目次
1.36(サブロク)協定とは
36協定とは、一日8時間・週40時間の法定労働時間を超える労働をさせる場合に必要な労使協定です。正式には「時間外労働・休日労働に関する協定」といい、労働基準法第36条に定められているため通称「サブロク協定」と呼ばれています。
36協定を締結しないで残業させることは違法
使用者は、労働者に残業させるにはあらかじめ36協定を締結し、労働基準監督署に届け出を提出しなければなりません。労使協定では時間外労働をおこなう業務の種類や、1日・月・年あたりの時間外労働の上限などを定める必要があります。
36協定を締結せずに法定労働時間を超えて労働させることは労働基準法違反となり、是正勧告や罰則(6ヶ月以下の懲役または30万円以下の罰金)の対象となることがあります。
残業に関する問題やトラブルは労働基準監督署に相談することができます。
>労働基準監督署には何を相談できる? 会社にバレない方法や事例も紹介
2.36協定の上限規制
時間外労働は原則月45時間・年360時間が上限
2018年の労働基準法改正により、時間外労働の上限は「月45時間・年360時間」と定められました。「臨時的な特別な事情がある場合」(特別条項)に関しても上限が設けられました。
それまで時間外労働の上限基準は、厚生労働大臣告示によるもので強制力がありませんでしたが、改正によって罰則付きの上限が法律に規定されました。また、改正前は「臨時的な特別な事情がある場合」に労使間の同意があれば、際限なく残業をさせることが事実上可能でしたが、それにも上限が設けられたかたちです。
tips|法定労働時間と所定労働時間の違い
法定労働時間とは労働基準法に定められた「一日8時間・週40時間」を指すのに対し、所定労働時間は会社で定めた労働時間を指します。そのため、所定労働時間は一日8時間のこともあれば、7時間、7時間45分などのケースもあります。
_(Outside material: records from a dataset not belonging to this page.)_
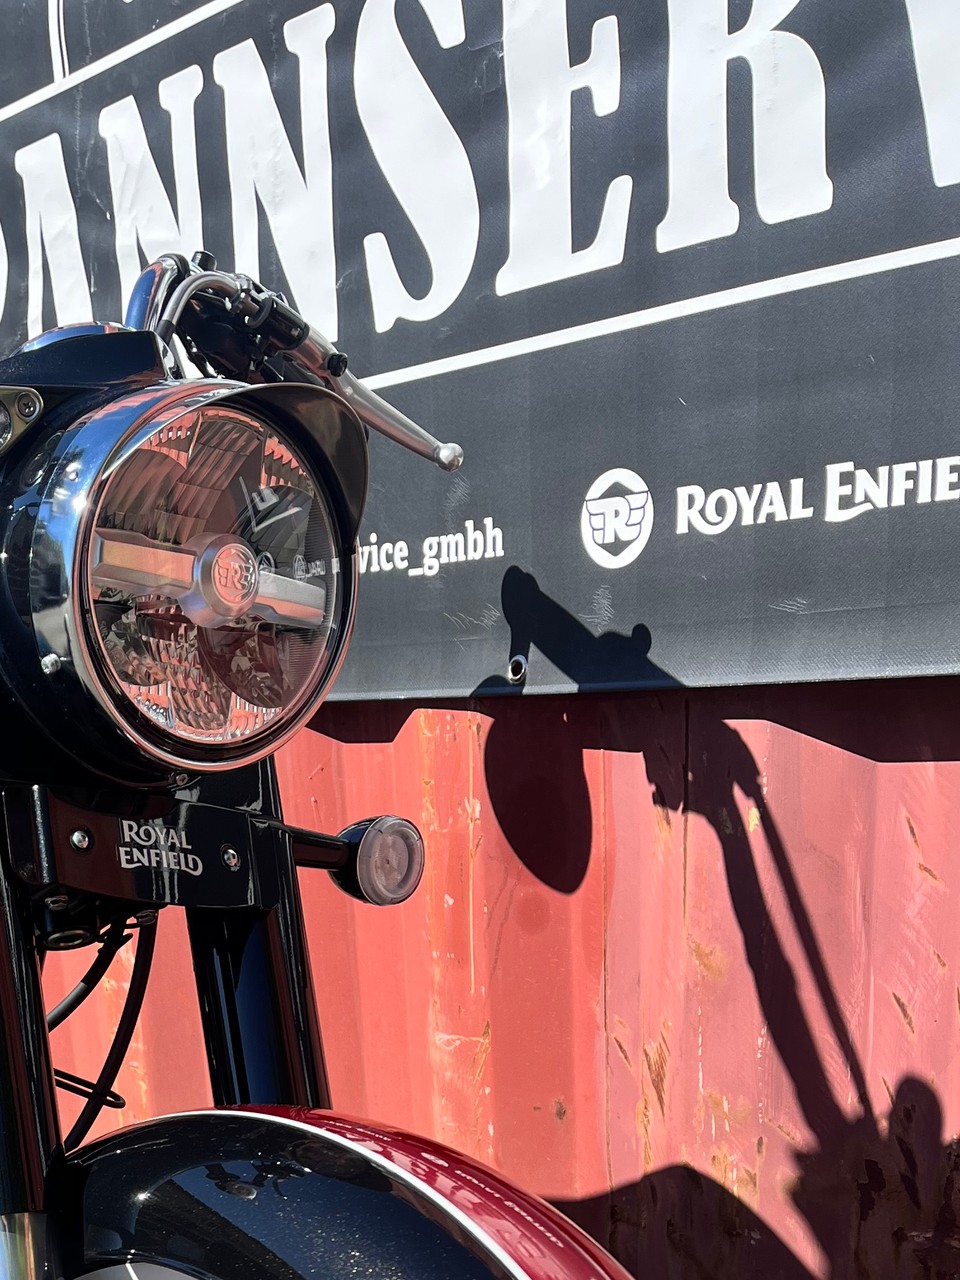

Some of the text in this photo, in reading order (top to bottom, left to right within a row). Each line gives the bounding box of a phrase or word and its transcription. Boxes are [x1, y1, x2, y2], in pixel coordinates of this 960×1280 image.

[675, 455, 960, 535] ROYAL ENFIE
[121, 819, 192, 850] ROYAL
[118, 846, 204, 877] ENFIELD
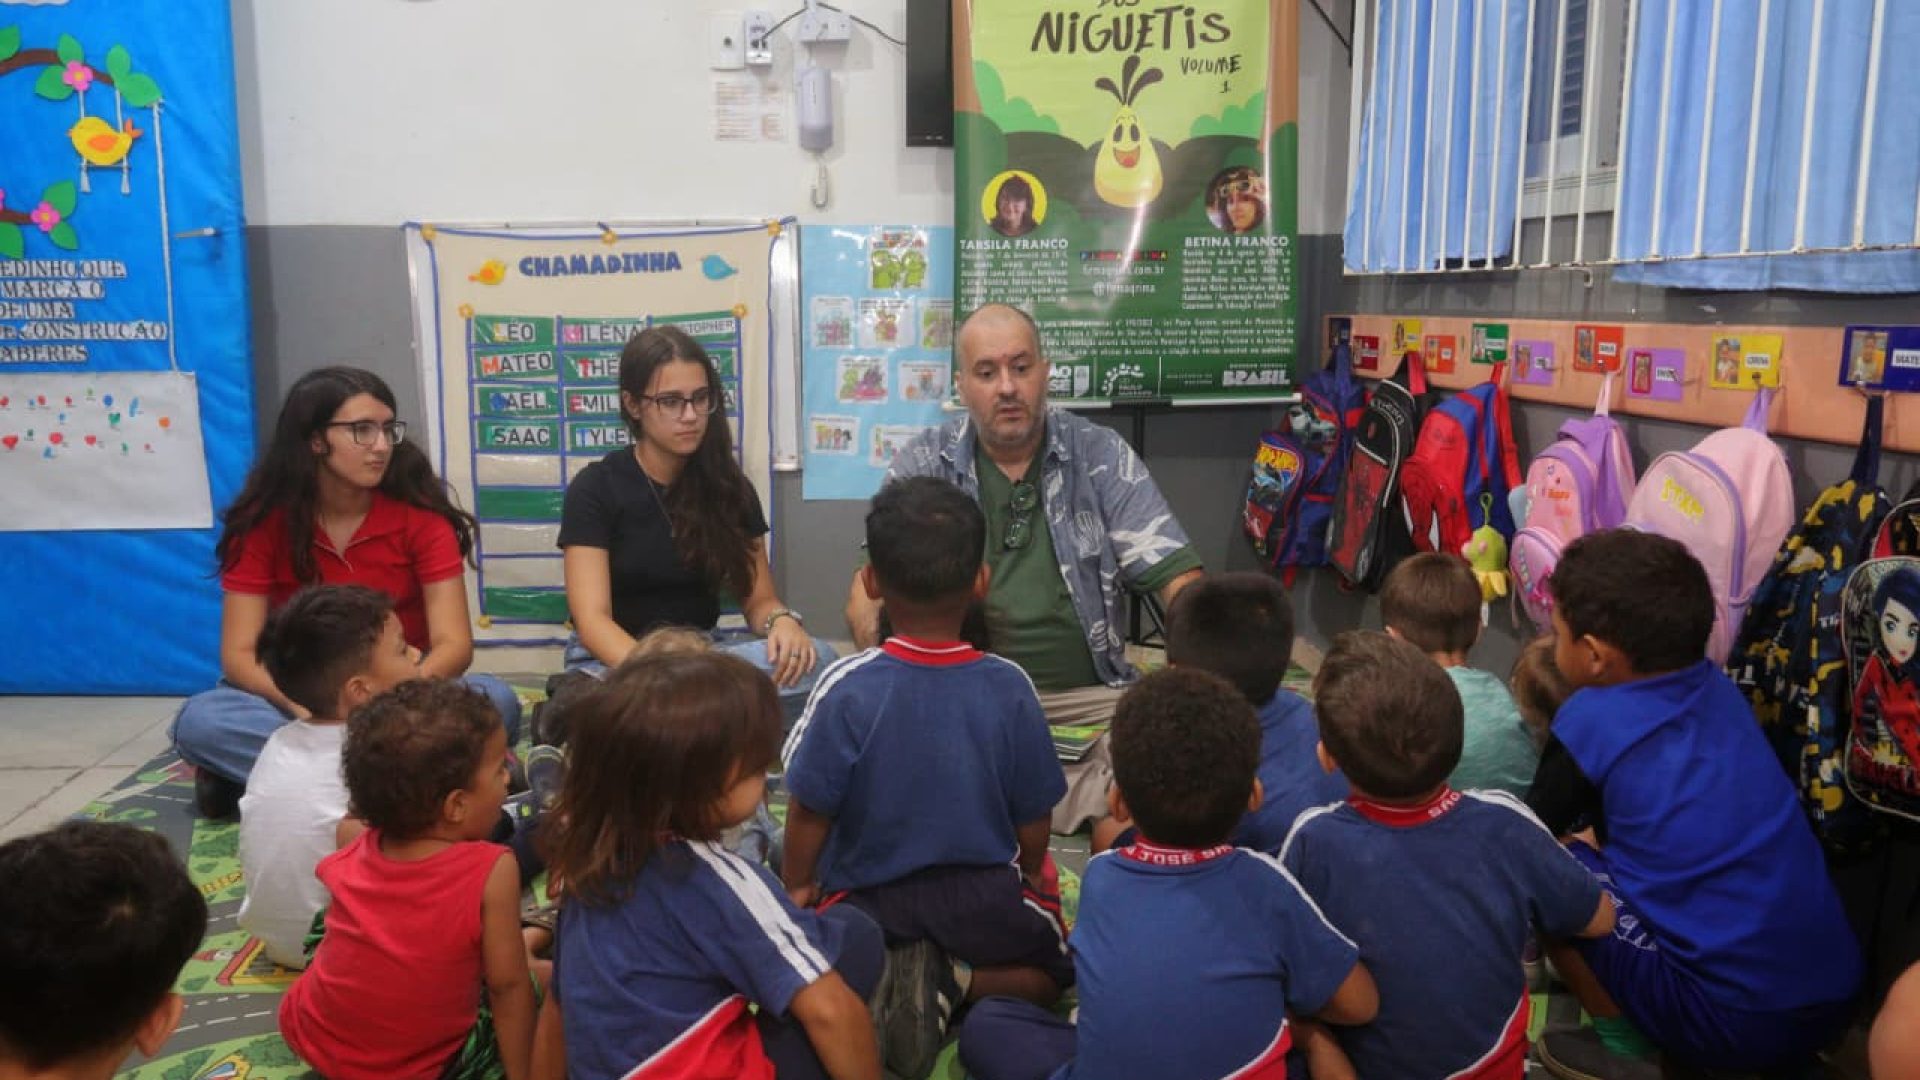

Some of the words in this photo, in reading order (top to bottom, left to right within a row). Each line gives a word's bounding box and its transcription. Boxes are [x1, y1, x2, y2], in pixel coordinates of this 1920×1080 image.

[1180, 54, 1242, 75] VOLUME
[1015, 238, 1068, 250] FRANCO
[1185, 236, 1231, 248] BETINA
[1235, 236, 1289, 248] FRANCO
[81, 260, 126, 277] QUE
[519, 251, 682, 276] CHAMADINHA
[26, 301, 73, 318] UMA
[480, 352, 551, 375] MATEO
[1223, 369, 1290, 387] BRASIL
[569, 394, 620, 412] EMIL
[486, 427, 549, 444] ISAAC
[576, 427, 628, 446] TYLE
残業代の算定基準を所定労働時間にするか法定労働時間にするかは会社によりますが、36協定など法律上の「時間外労働」とは法定労働時間を超えることを意味します。
36協定の特別条項とは
月45時間・年360時間を超えてさらに時間外労働が必要なときに「臨時的な特別の事情があって労使が合意する場合」は年720時間を上限とすることができ、これを特別条項といいます。
労使協定に特別条項を付帯する際の具体的な上限は、以下のとおりです。
- 時間外労働が年720時間以内
- 時間外労働と休日労働の合計が月100時間未満
- 時間外労働と休日労働の合計が、2、3、4、5、6ヶ月平均すべてで80時間以内
- 時間外労働が月45時間を超えるのが年6ヶ月以内

上限規制の例外
改正労働基準法は2019年(中小企業は2020年)に施行されましたが、一部の業界や事業については上限規制適用が猶予・対象外となっています。猶予期間は2024年3月末までで、医師、建設事業、自動車運転の業務、鹿児島県・沖縄県の砂糖製造業が対象です。
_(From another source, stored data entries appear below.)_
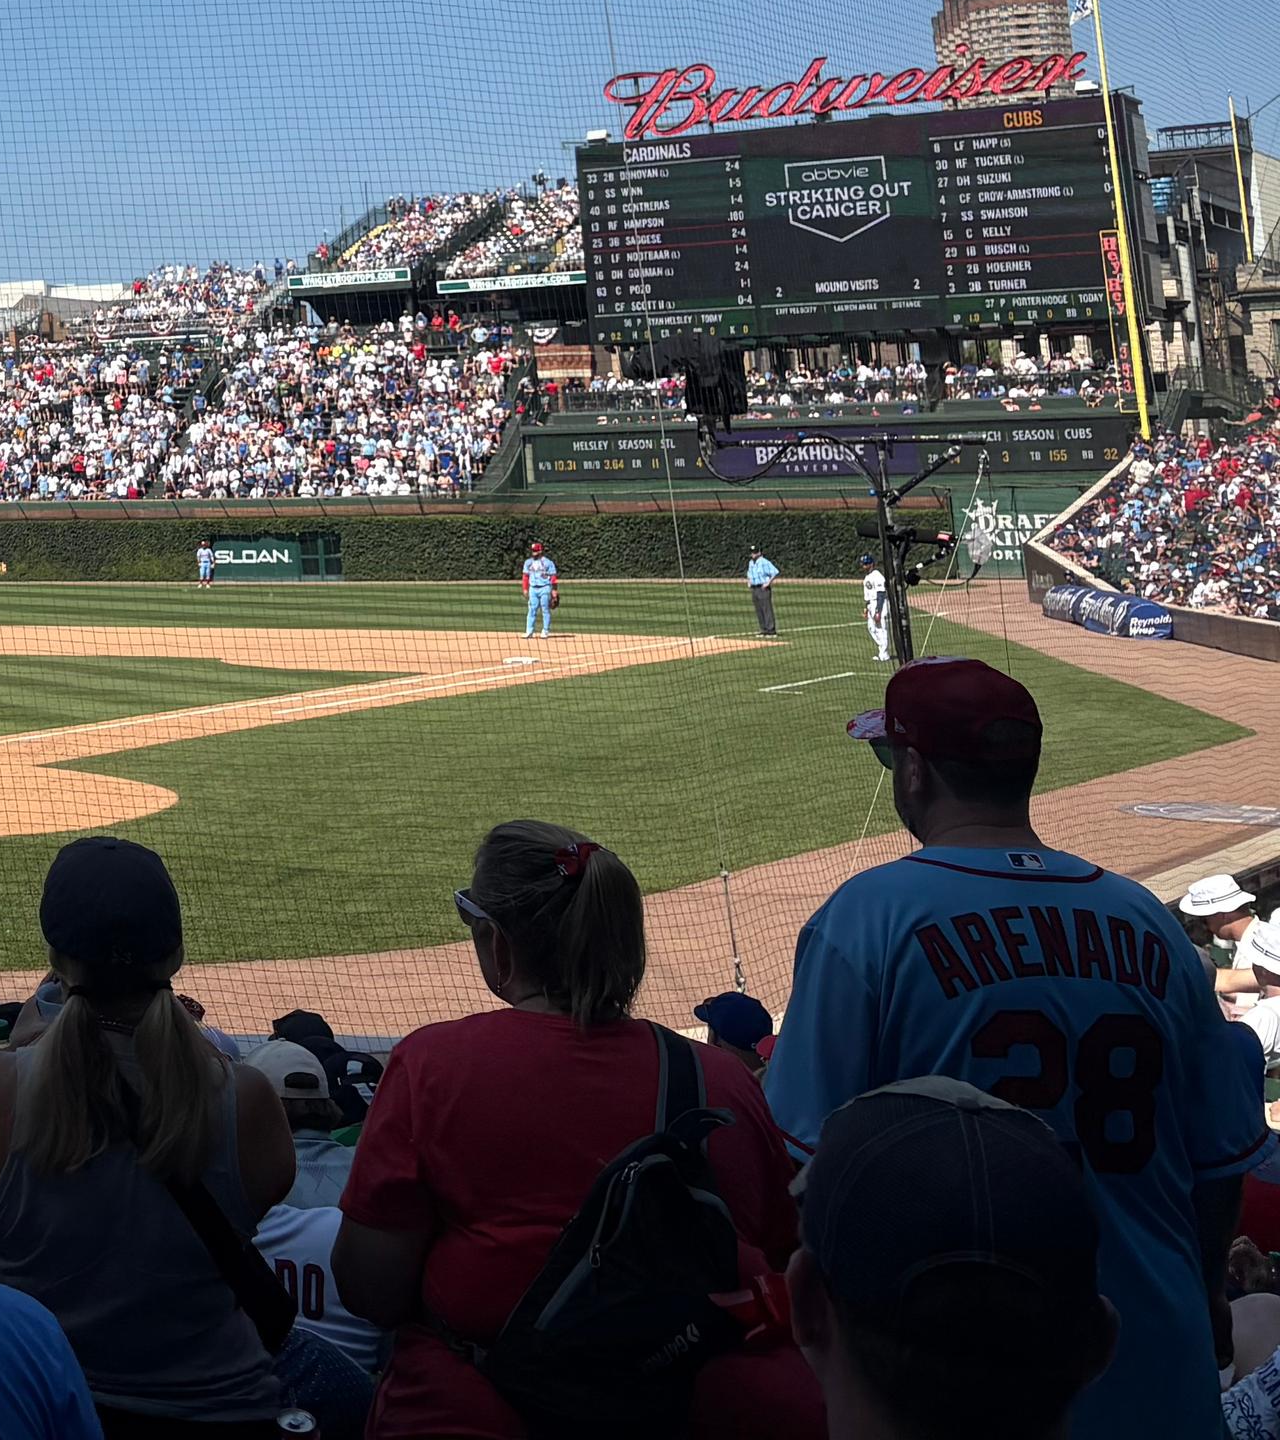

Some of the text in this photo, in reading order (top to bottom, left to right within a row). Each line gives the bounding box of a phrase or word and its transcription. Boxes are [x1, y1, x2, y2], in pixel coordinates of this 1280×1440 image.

[604, 43, 1088, 139] Budweiser
[1003, 110, 1043, 128] CUBS
[972, 138, 998, 150] HAPP
[623, 142, 692, 163] CARDINALS
[725, 161, 740, 172] 2-4
[974, 154, 1012, 167] TUCKER
[801, 165, 869, 182] abbvie
[937, 172, 1011, 188] 27 SUZUKI
[621, 187, 643, 197] WNN
[765, 181, 912, 207] STRIKING OUT
[959, 186, 1061, 204] CF CROW-ARMSTRONG
[622, 201, 670, 213] CONTRERAS
[797, 201, 882, 220] CANCER
[961, 207, 1028, 222] SS SWANSON
[624, 218, 665, 230] HAMPSON
[732, 228, 746, 238] 2-4
[983, 226, 1011, 238] KELLY
[984, 244, 1017, 255] BUSCH
[735, 261, 749, 272] 2-4
[946, 261, 1032, 276] 2 HOERNER
[775, 278, 921, 298] 2 MOUND VISITS 2
[988, 279, 1027, 291] TURNER
[737, 294, 753, 305] 0-4
[1078, 293, 1104, 303] TODAY
[1012, 429, 1054, 441] SEASON
[1064, 428, 1093, 440] CUBS
[573, 438, 676, 451] HELSLEY SEASON STL
[1002, 451, 1009, 462] 3
[1049, 449, 1067, 461] 155
[1104, 448, 1118, 460] 32
[554, 460, 577, 471] 10.31
[786, 464, 838, 473] TAVERN
[214, 549, 289, 563] SLOAN
[1130, 614, 1173, 628] Reynolds
[1129, 625, 1156, 636] Wrap
[914, 906, 1172, 1002] ARENADO
2024年4月以降の上限規制は下記のように適用されます。
対象 | 2024年4月以降の例外的な上限規制の扱い |
---|---|
医師 | 具体的な上限時間を省令で定める |
建設事業 | 災害の復旧・復興事業については、時間外労働と休日労働の合計が月100時間未満・複数月平均80時間以内の規制が適用されない |
自動車運転業務 | 特別条項による年間の労働時間の上限が960時間になるほか、時間外労働と休日労働の合計が月100時間未満・複数月平均80時間以内、月45時間超の時間外労働が年6ヶ月以内の各規制が適用されない |
砂糖製造業 | 上限規制をすべて適用 |
医師の働き方改革とは
医師はその専門性や医療提供の緊急性の高さもあり、長時間労働の常態化が指摘されてきました。とくに勤務医や若手で救急、産婦人科、外科などの労働時間が長い傾向にあり、36協定が締結されていない医療機関も存在しています。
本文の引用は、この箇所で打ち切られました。